La ciudad

Dos mujeres que luchan para que no se archiven las causas de sus hijos

siempre presente. La multisectorial no le pierde pisada a los casos.

Domingo 18 de Marzo de 2018

Mirta Ponce perdió a su hijo el 30 de octubre de 2015. Alejandro, de 23 años, había ido a pescar con sus tíos y su hermano a la costanera central, pero nunca volvió al barrio. Cerca de la costa, fue perseguido por la policía. Su hermano contó que, en la carrera, ambos se tiraron al río mientras los uniformados les tiraban piedras. Y Alejandro no logró salir del Paraná.

El 27 de mayo de 2015, María Zamudio estaba en la puerta de su casa. Desde allí vio cómo un oficial de prefectura disparaba tres veces contra Maximiliano, de sólo 16 años. "El último de los disparos fue en la cabeza cuando mi hijo ya estaba en el suelo en medio de un charco de sangre", cuenta la mujer con los ojos perdidos, como si todavía estuviera en medio de esa escena.

Las dos mujeres se pusieron esta semana al frente del reclamo para que no se archive la investigación de los casos.

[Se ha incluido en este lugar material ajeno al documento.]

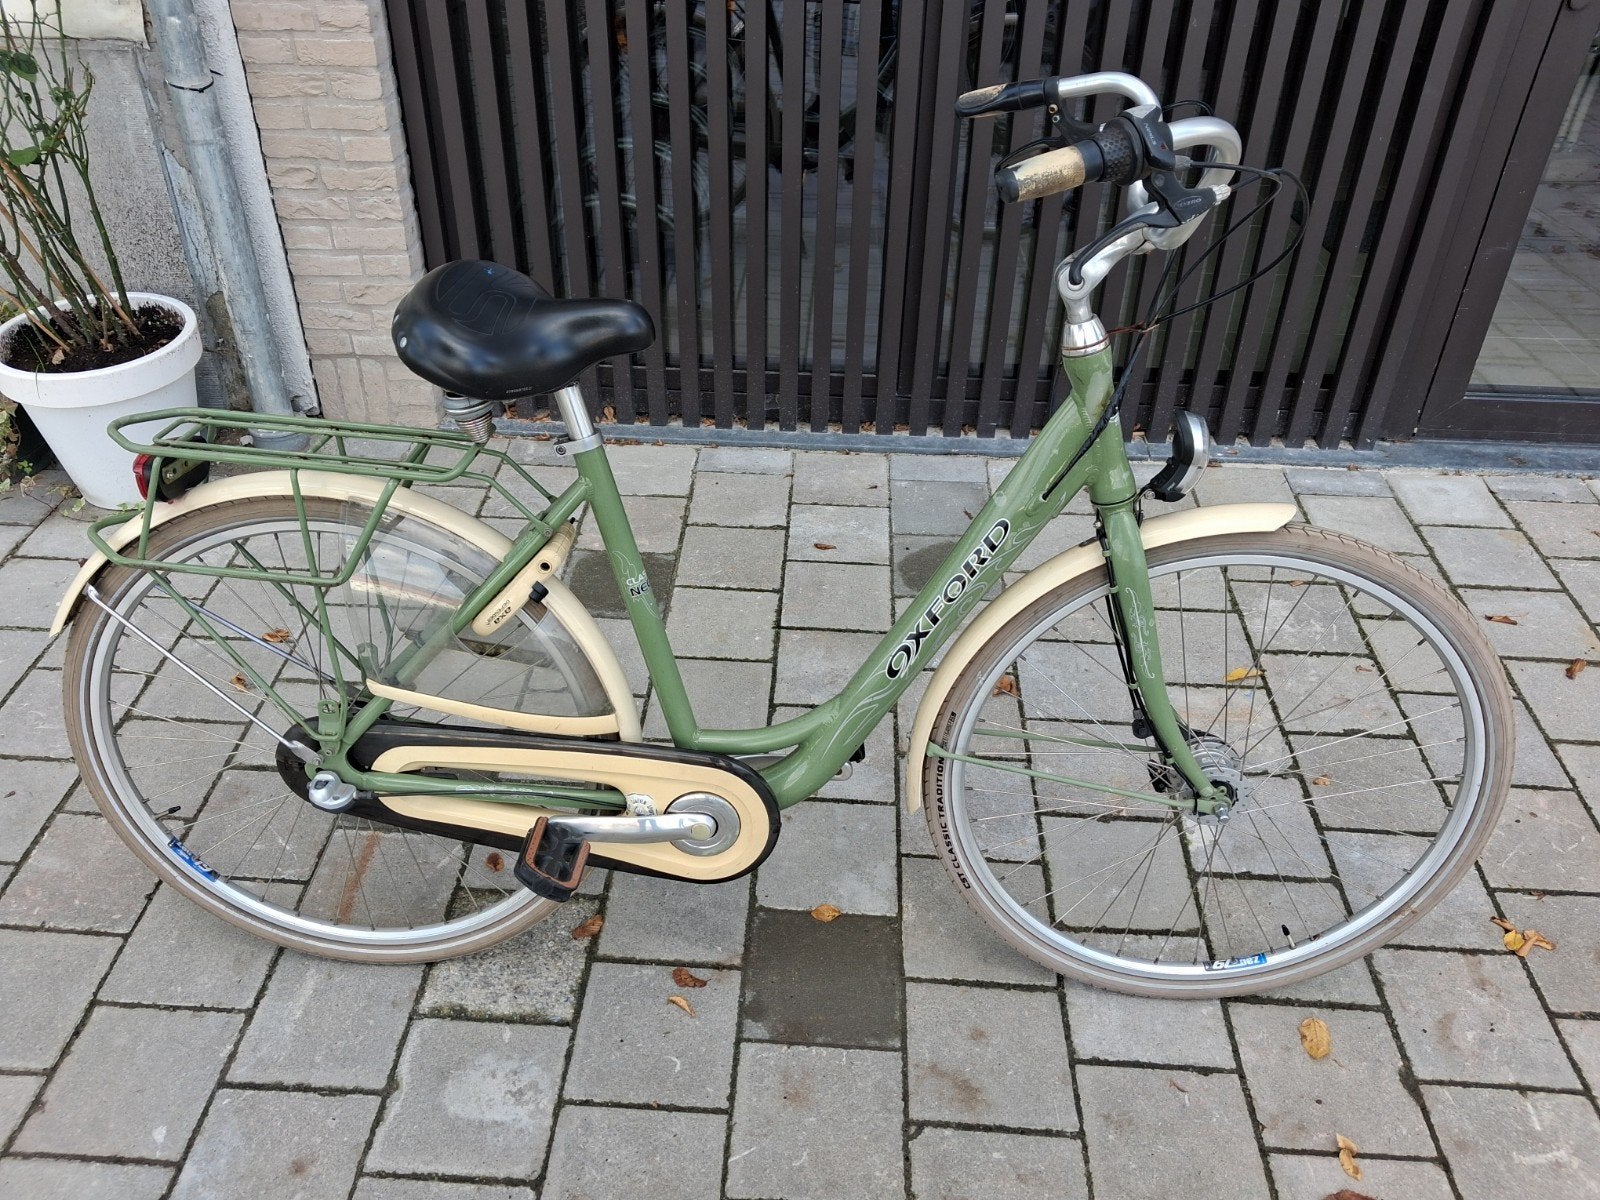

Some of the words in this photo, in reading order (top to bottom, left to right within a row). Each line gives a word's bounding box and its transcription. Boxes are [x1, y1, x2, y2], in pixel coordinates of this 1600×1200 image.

[886, 518, 1011, 680] OXFORD
[936, 756, 945, 819] TRADITION
[940, 822, 961, 869] CLASSIC
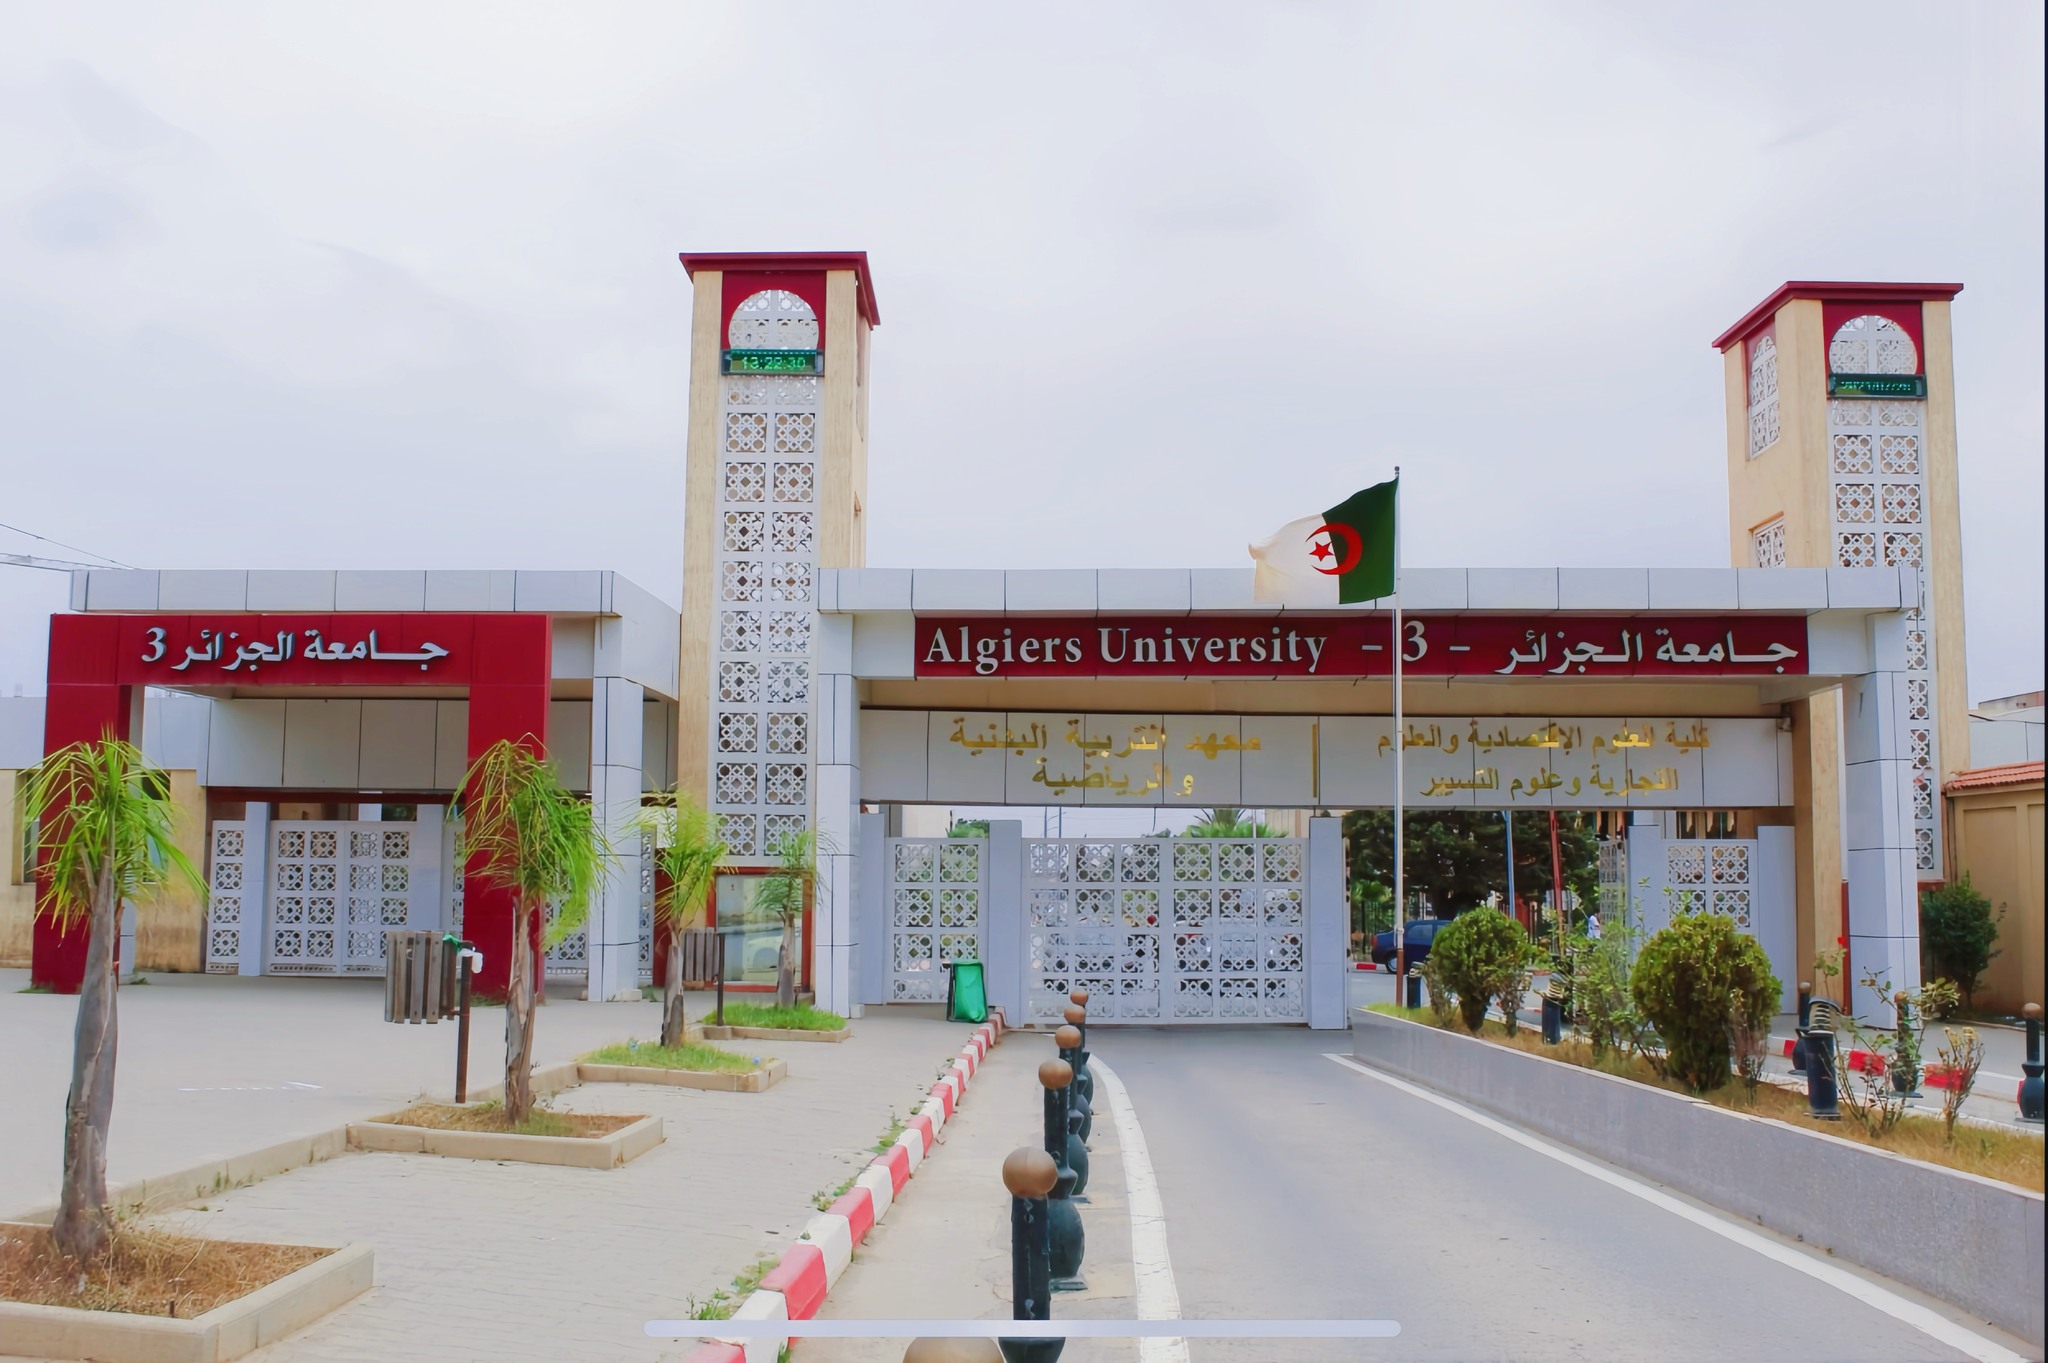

Según denuncian, "los fiscales sólo escuchan una versión", la de los agentes de seguridad.

Desde la Multisectorial contra la Violencia Institucional —que agrupa a familiares y a organizaciones sociales, académicas, políticas, sindicales y de derechos humanos— acompañan una decena de historias similares a las de Mirta y María.

"Tenemos una doble tarea, demostrar que nuestros hijos fueron asesinados y que no estaban en medio de ningún ilícito", aseguran.